I intend to stick as much as possible with "default" capabilities in PHP
(i.e. the SAX parser, which is included in PHP builds by default,  rather than
XML-DOM which has to be specifically asked for at compile-time), which in 
this case is probably just as well - with DOM you have to load the entire
XML structure into memory before you can start doing anything with it, whereas
the SAX parser deals with it bit by bit as it comes in.  Considering how large
some of the datafiles we may end up dealing with can be...

I'm thinking I should set up a "utilities" directory of classes with
not-specifically-bioinformatics classes for dealing with basic things
like POST'ing queries to web interfaces (and the "core" XML parser class).
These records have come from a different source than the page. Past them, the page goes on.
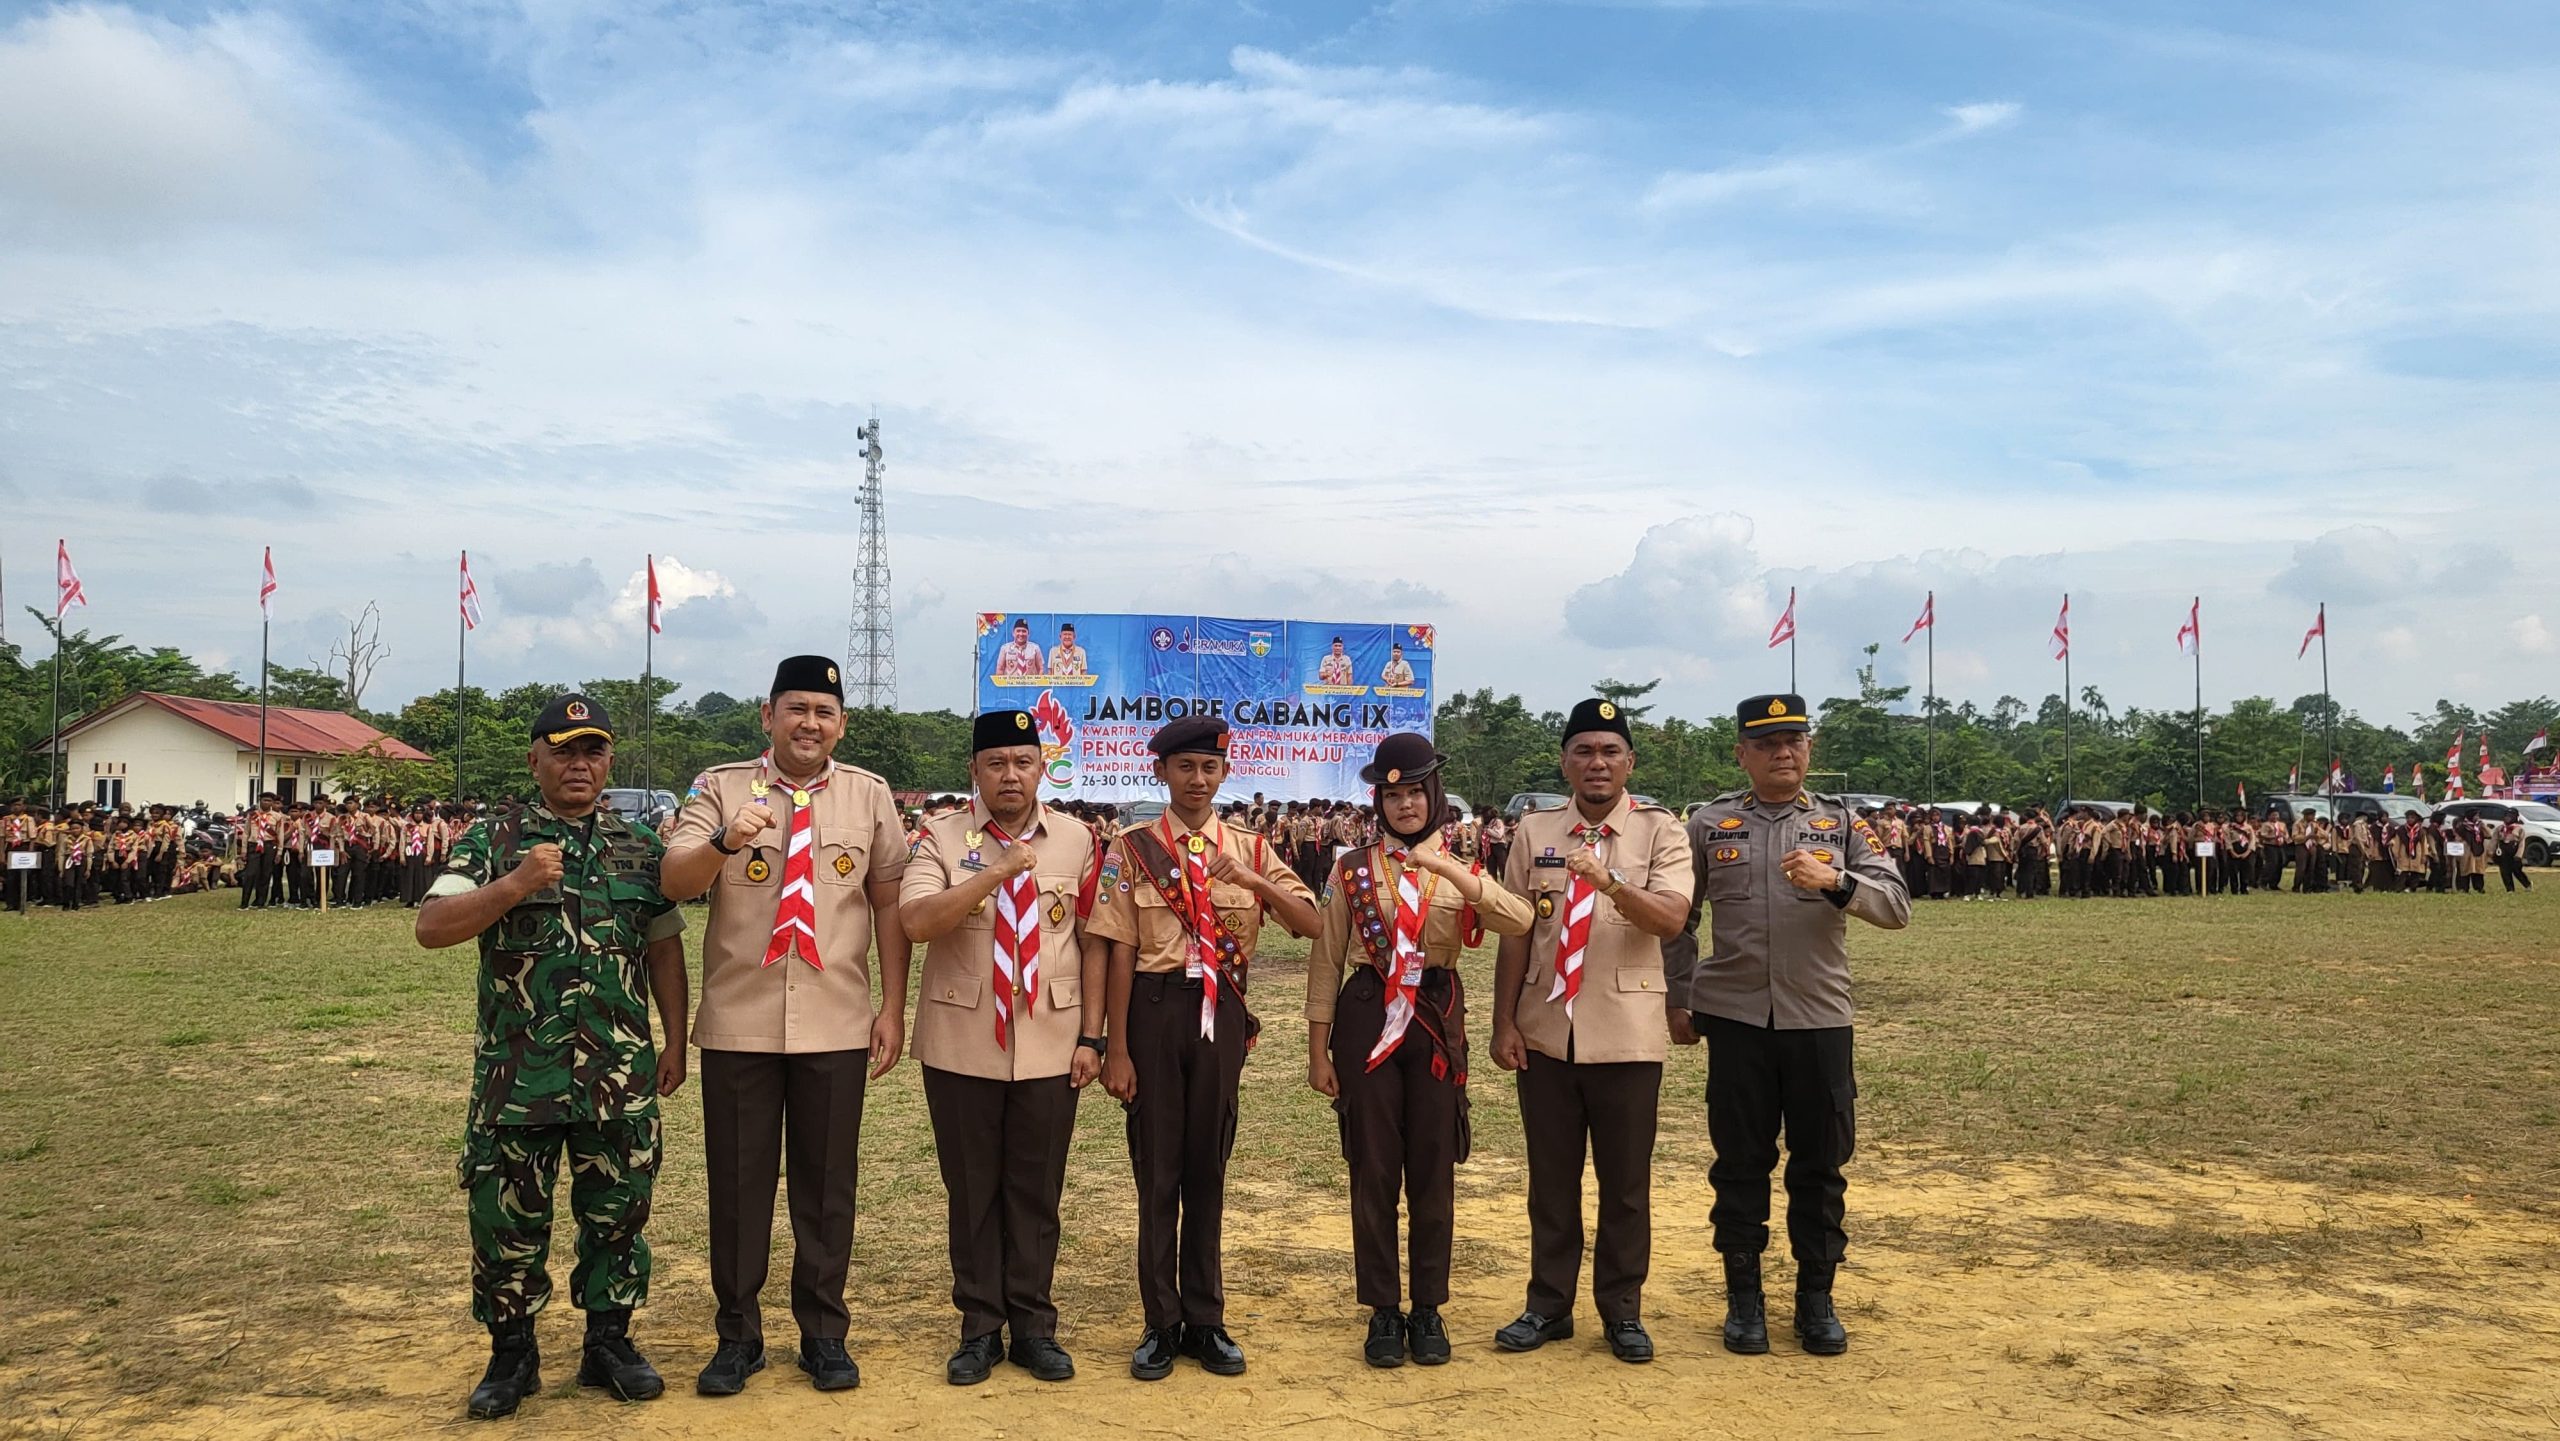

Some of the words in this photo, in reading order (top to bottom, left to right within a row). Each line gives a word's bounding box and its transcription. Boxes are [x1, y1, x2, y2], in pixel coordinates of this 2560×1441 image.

[1193, 639, 1245, 653] PRAMUKA
[1083, 696, 1224, 721] JAMBORE
[1234, 701, 1351, 728] CABANG
[1362, 704, 1389, 729] IX
[1082, 726, 1136, 737] KWARTIR
[1230, 744, 1283, 761] ERANI
[1291, 747, 1342, 762] MAJU
[1082, 763, 1133, 773] (MANDIRI
[1240, 766, 1290, 777] UNGGUL)
[1082, 776, 1116, 786] 26-30
[1799, 831, 1843, 846] POLRI
[612, 860, 634, 871] TNI
[640, 861, 655, 873] AD
> >- BioPHP consistency -> many "bio" formats are moving to xml

This much is true, and my gut feeling is that at least in my case, 
once I FINALLY get to the point where I have a "feel" for how
to actually use XML parsers that it won't be too bad.

I have to confess my weekend has been spent "slacking off" (well, if 
you can count manual labor hauling boxes out of storage and such as
"slacking off") so I haven't yet gotten to looking at the example code
that Greg was kind enough to forward - I'll try to get to that tomorrow.

With "parsing philosophy" being the real holdup at this point for me, I 
really need to get on that.  Once done, the rest ought to be comparatively
easy...

> >- Differentiate BioPHP as fundamentally supporting XML

That thought HAD crossed my mind, but since it seems you have to 
code up tag/structure handling functions for each document type
ANYWAY, and since ideally the "guts" of the BioPHP classes will
be a "black box" to people using it, I'm not sure that's inherently
worth more than mere "bragging rights" (not that I don't care about
"bragging rights", but...) 

(Of course, being open source, these "black boxes" have metaphorical
easy-open latches on them so people can look at that guts if they
really want to :-) )

> >- Why bother with flatfiles ? BioPerl/Python/Java probably do
> >  these already

BioPerl/Python/Java/Ruby/Lisp also already deal with DNA sequences...
should we ignore them as well, then? :-)

Besides, I'd consider formats such as Phylip, Clustal, ASN.1, etc. to
be "flat files", and parsers for them will be handy.